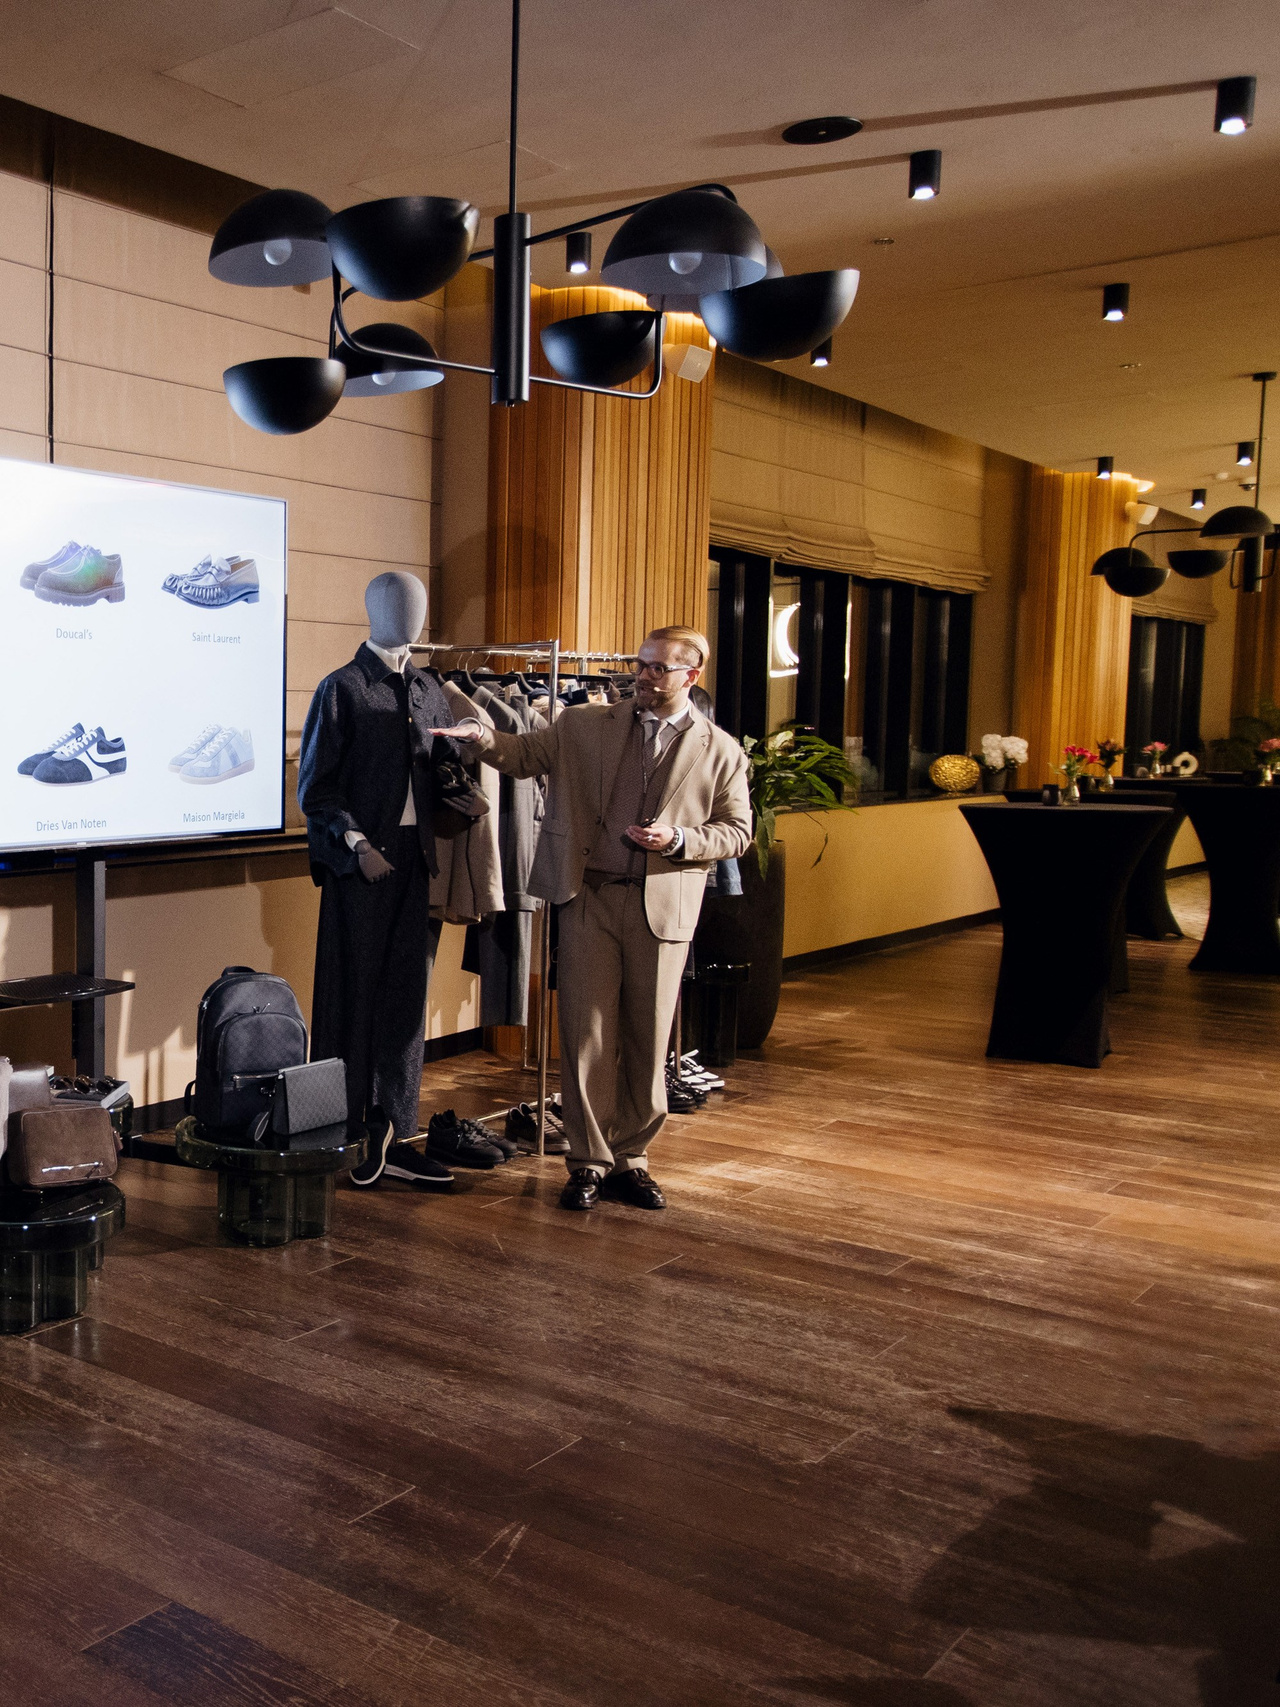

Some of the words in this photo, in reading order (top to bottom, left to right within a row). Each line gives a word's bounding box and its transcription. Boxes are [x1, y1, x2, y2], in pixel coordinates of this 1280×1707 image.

[192, 632, 211, 643] Saint
[213, 633, 241, 644] Laurent
[183, 812, 211, 823] Maison
[213, 810, 245, 822] Margiela
[36, 820, 59, 831] Dries
[61, 820, 78, 830] Van
[80, 819, 107, 829] Noten

▸ **Work order**
The output should consist of every entry above, printed exactly, with the images removed.

▸ **Written response**
Some of the words in this photo, in reading order (top to bottom, left to right within a row). Each line gives a word's bounding box and its transcription. Boxes are [x1, y1, x2, y2], in pixel coordinates of this 1280×1707 image.

[192, 632, 211, 643] Saint
[213, 633, 241, 644] Laurent
[183, 812, 211, 823] Maison
[213, 810, 245, 822] Margiela
[36, 820, 59, 831] Dries
[61, 820, 78, 830] Van
[80, 819, 107, 829] Noten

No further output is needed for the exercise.